I spent the afternoon today out at Bhaktapur, the World Heritage site on the outskirts of the city.  We were just here in November filming our trans-Himalayan expedition Roof of The World.  Bhaktapur’s gorgeous brick houses, cobblestone streets and amazing temple squares are unrecognizable in many places.  Buildings are collapsed, blocking the narrow streets, and the major temples we filmed are now just piles of rubble.  I was impressed to see a concerted effort of local and government forces working to clear debris.  Areas of obvious archaeological importance are roped off and workers are carefully stacking individual bricks in neat piles by each destroyed temple.  The silhouetted skyline that has stood for hundreds of years has been significantly altered but I see a fierce determination in people’s faces as they begin the long road to salvage and repair their cultural heritage treasures.

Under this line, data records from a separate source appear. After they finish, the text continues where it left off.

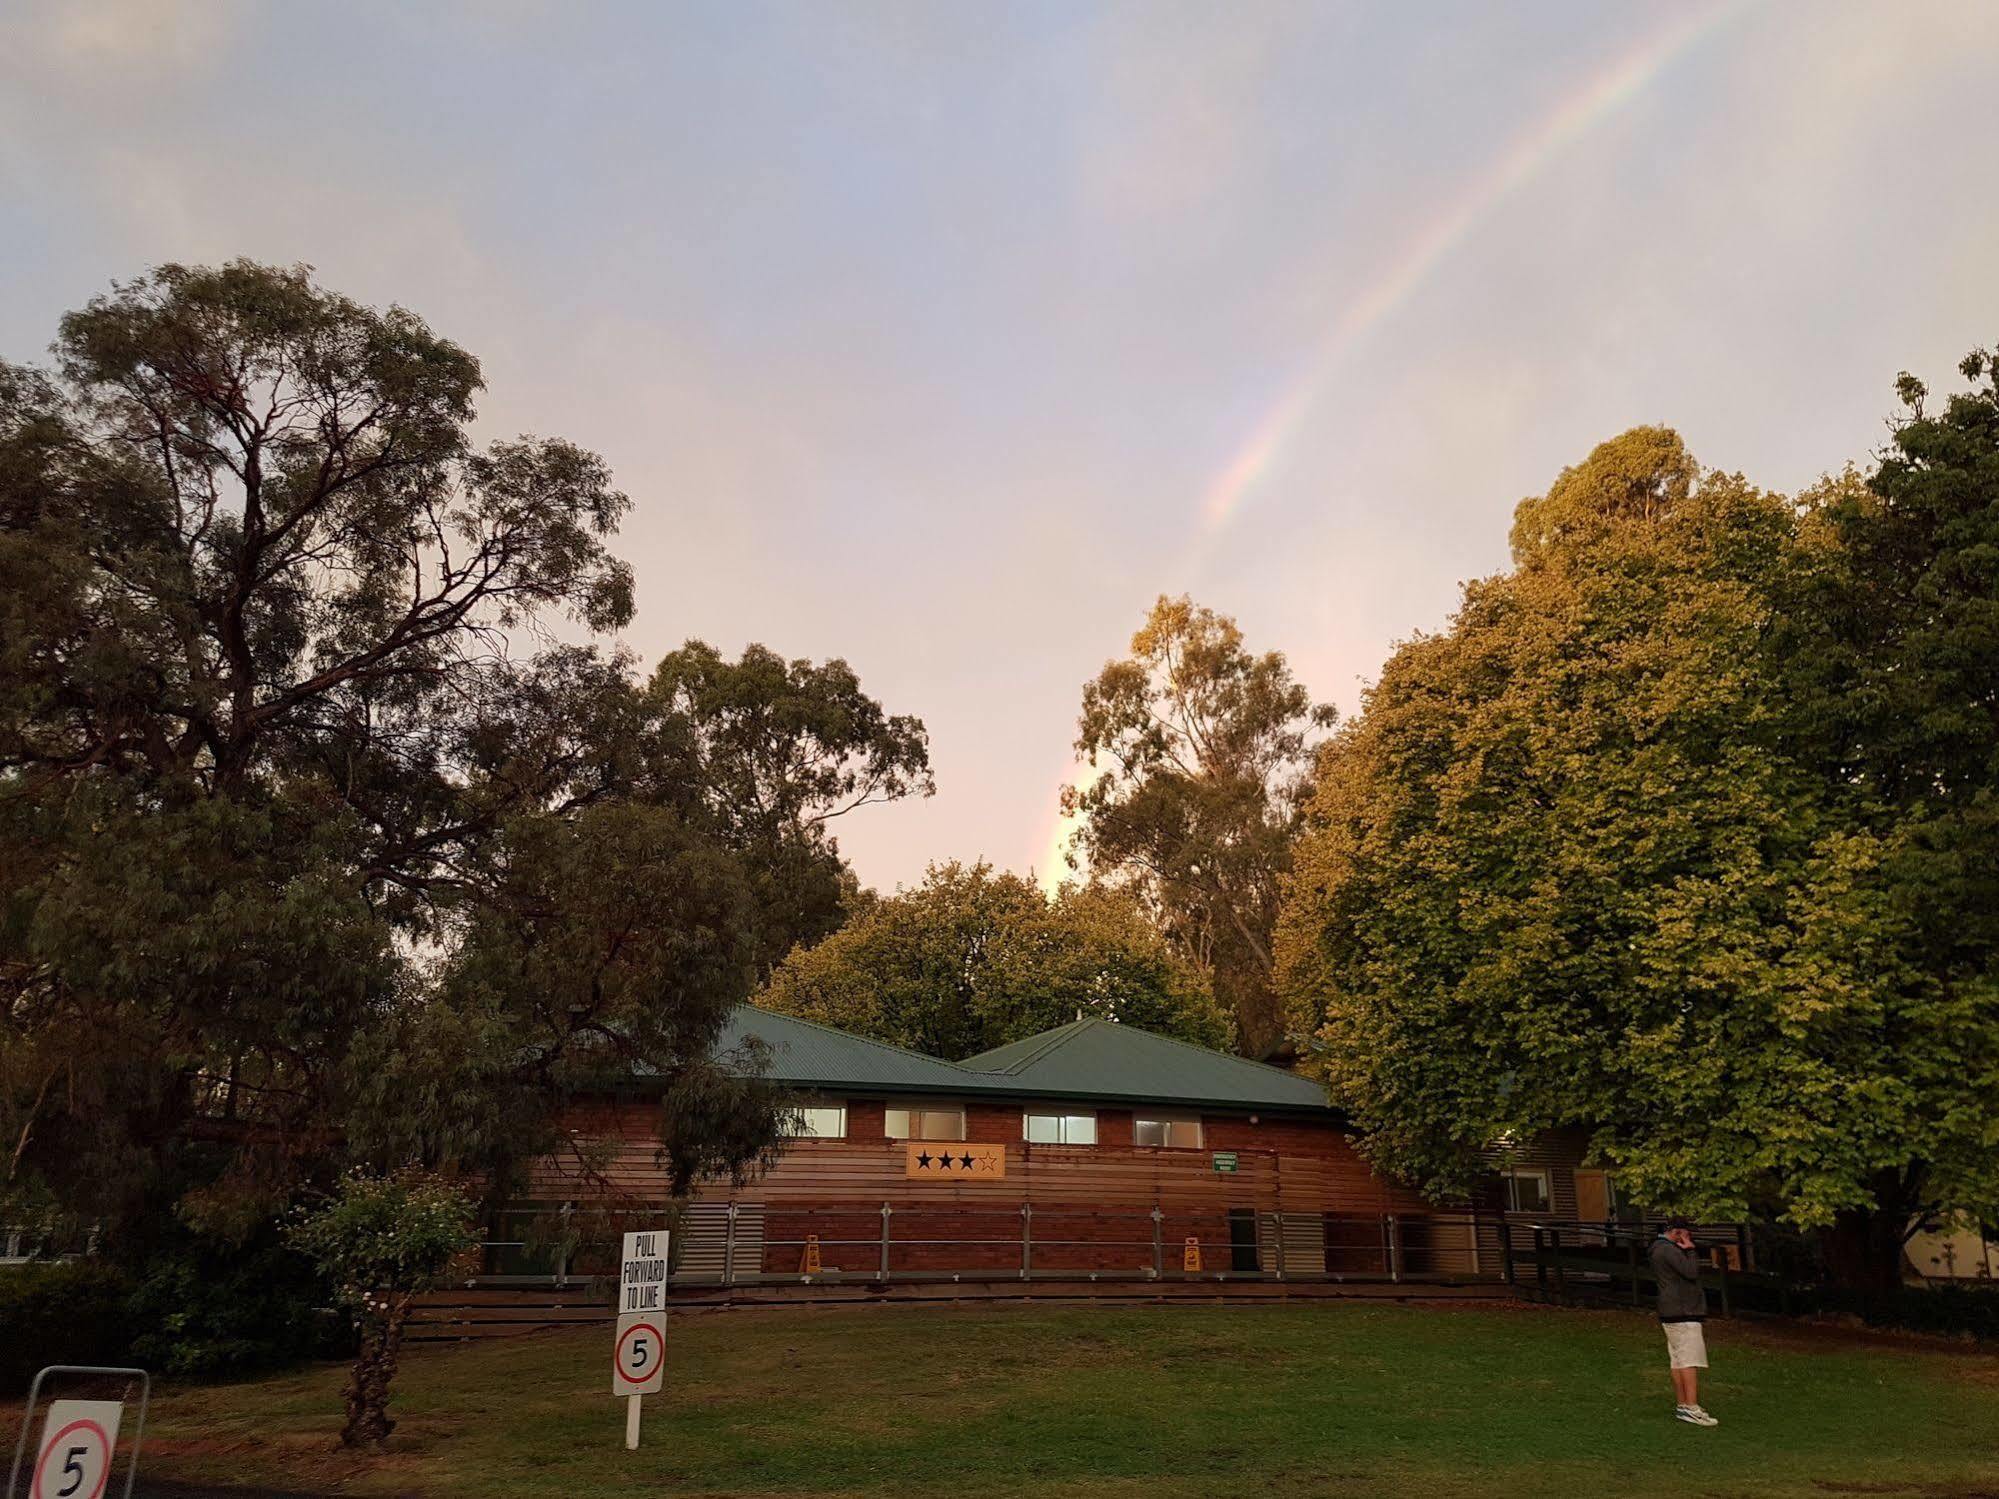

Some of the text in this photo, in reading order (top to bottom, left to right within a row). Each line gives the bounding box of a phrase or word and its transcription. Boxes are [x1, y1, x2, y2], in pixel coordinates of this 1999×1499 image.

[635, 1235, 655, 1257] PULL
[624, 1260, 664, 1284] FORWARD
[628, 1286, 658, 1309] TO LINE
[632, 1339, 647, 1367] 5
[57, 1447, 88, 1497] 5

As I leave Nepal for now, winging my way to Delhi and Edinburgh before settling in for the summer in Idaho, I can’t help but reflect on the plight of my brothers and sisters here.  Thanks to the generosity of many friends and family, we’ve been able to fund the construction of a low-cost, earthquake-proof earthbag house prototype in Sindhupalchok.  Mahendra will be facilitating the deployment of foreign and local aid in the region and spearheading the scaling up of the earthbag home rebuilding plan for villages.  We’ve agreed to prioritize the most needy families with relief aid.  I’m proud to see him step up and step in to this role and I’m grateful to have contributed in some way to help them climb this mountain.  The impending monsoon will add significant challenges – landslides, flooding and disease.  It’s an unfortunate reality that the Nepalese people will suffer more before all is said and done, but if there ever were a people more gifted with natural resilience, ruggedness, and intrinsic goodwill, I haven’t met them.  I’m more convinced than ever that the real conversation for everyone in the years ahead, regardless of context or circumstance, will be about the importance of resilience in our communities, in our states, and in our nations.  In an unpredictable, rapidly destabilizing world, it’s the lens through which we need to understand, plan, and prioritize our resources, efforts, and time.

As someone who’s lived in and loved this country for the majority of my life, I know that the greatest thing we can do for Nepal is to keep paying attention – even when the news reporters tire and turn away to cover tomorrow’s disaster-of-the-day somewhere else in the world.   Most importantly…people can plan a visit.  Despite all the destruction – and maybe because of all the destruction – Nepal remains one of the great adventure destinations on the planet.  I hope it won’t be too long until the allure of the Himalayas draws the world back again to her beautiful treasures.